The Hope & Anchor – London
While clubs like the Roxy and Vortex drove Punk rock forward in a club environment in London, it was pubs like the Hope and Anchor as part of the Pub circuit that gave fledgling punk bands a chance to play and hone their skills to new audiences. So many bands have played there; from 999 – Stranglers – X Ray Spex and in later years Madness and the Libertines to name just a few. A live double album in 1977 also captured the pub and the types of bands featured.
Quite simply the Hope & Anchor in London has been a major part as a venue in the evolution of Music throughout the years. And whereas so many pubs and music venues have sadly long gone the pub is still standing as a live venue. It’s a major part of our history and we celebrate it.

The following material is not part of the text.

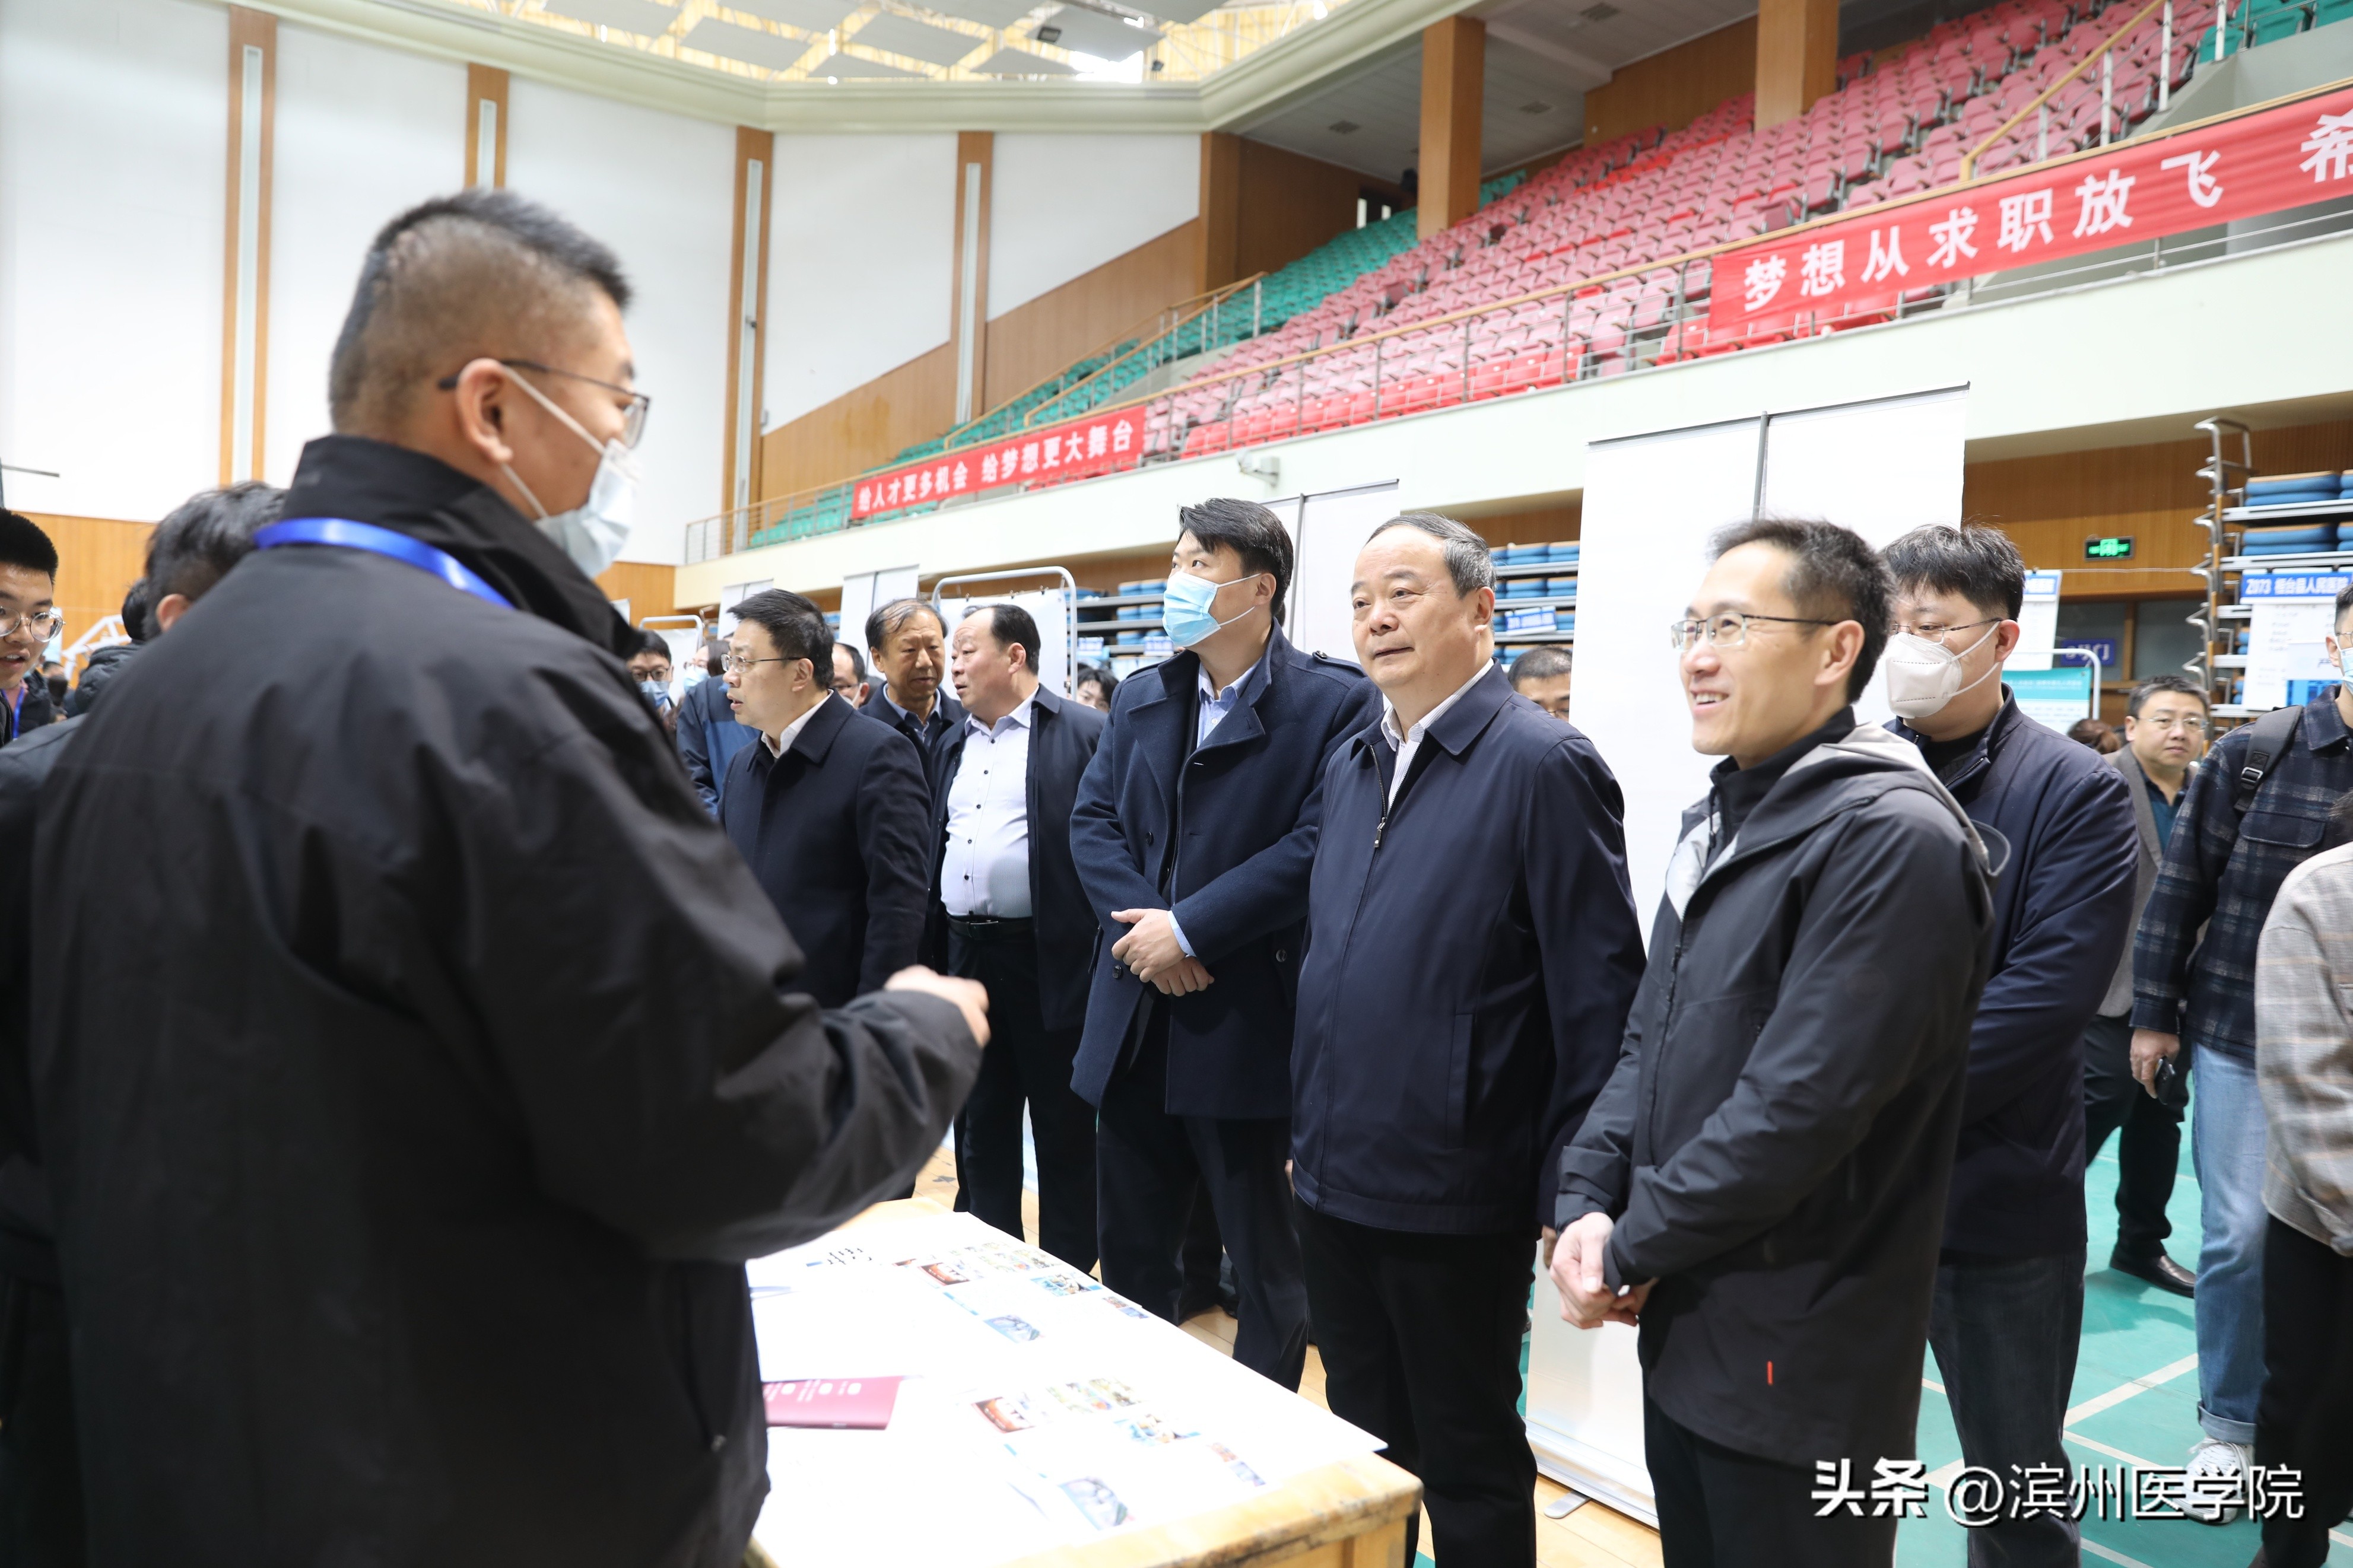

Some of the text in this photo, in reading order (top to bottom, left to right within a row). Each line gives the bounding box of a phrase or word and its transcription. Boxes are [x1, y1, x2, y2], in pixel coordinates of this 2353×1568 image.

[1744, 107, 2353, 312] 梦想从求职放飞 希
[858, 419, 1134, 512] 给人才更多机会 给梦想更大舞台

The Hope & Anchor in North London, a statuesque Victorian boozer, must surely be Britain’s most famous rock music pub. Situated at 207 Islington Upper Street, just a two minute walk from Highbury and Islington tube station on the Victoria line, the pub ranks as one of the first in London to run regular rock gigs. .
Chas De Collis: It was back in the early Seventies that people first started to talk about `Pub Rock’. Of course, even at that time numerous pubs were featuring rock groups, but very few were emerging with any apparent aspirations towards greater success. The Tally Ho in Kentish Town was probably the first pub in London to specifically cater to a rock audience. Bands like Bees Make Honey and Brinsley Schwarz (with Nick Lowe) played regular gigs there, paving the way for Ducks Deluxe, Kilburn and The Highroads (fronted by Ian Dury), Ace and Chilli Willi, among others.

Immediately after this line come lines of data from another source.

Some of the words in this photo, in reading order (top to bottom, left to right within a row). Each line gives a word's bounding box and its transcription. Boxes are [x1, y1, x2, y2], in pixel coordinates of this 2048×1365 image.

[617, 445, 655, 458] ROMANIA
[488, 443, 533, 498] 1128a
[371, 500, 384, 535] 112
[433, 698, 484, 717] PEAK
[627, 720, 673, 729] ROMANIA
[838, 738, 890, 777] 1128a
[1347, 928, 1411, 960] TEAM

In the early years, jazz could be heard bubbling up through adjacent Islington drain pipes. Colds have been caught there by many, from the late Phil Seaman to Jo-Ann Kelly. but around the mid-seventies the Hope started to feature rock bands on Fridays and Saturdays. When the Tally Ho changed landlords and discontinued rock in favour of Irish show bands the Hope quickly took over as North London’s main pub rock attraction.
The rock policy was pulled into shape by Fred Grainger and Dave Robinson, who ran the pub on a shoestring not to mention a “devil-may-care” attitude.
The upstairs bar was dominated by at least the most interesting jukebox’ in London running a spectrum of sounds from Professor Longhair to Van Morrison to in-demand ‘Pub Rock’ singles. Down in the cellar In the bowels of this establishment lies or rather lurks a black smoke-filled cellar of matey proportions where one could regularly catch, The Stranglers, Graham Parker & The Rumour, Dr Feelgood, Steve Gibbons Band and The Kursaal Flyers, to list but a few. Why, the pub even installed its own recording studio, though this is now defunct.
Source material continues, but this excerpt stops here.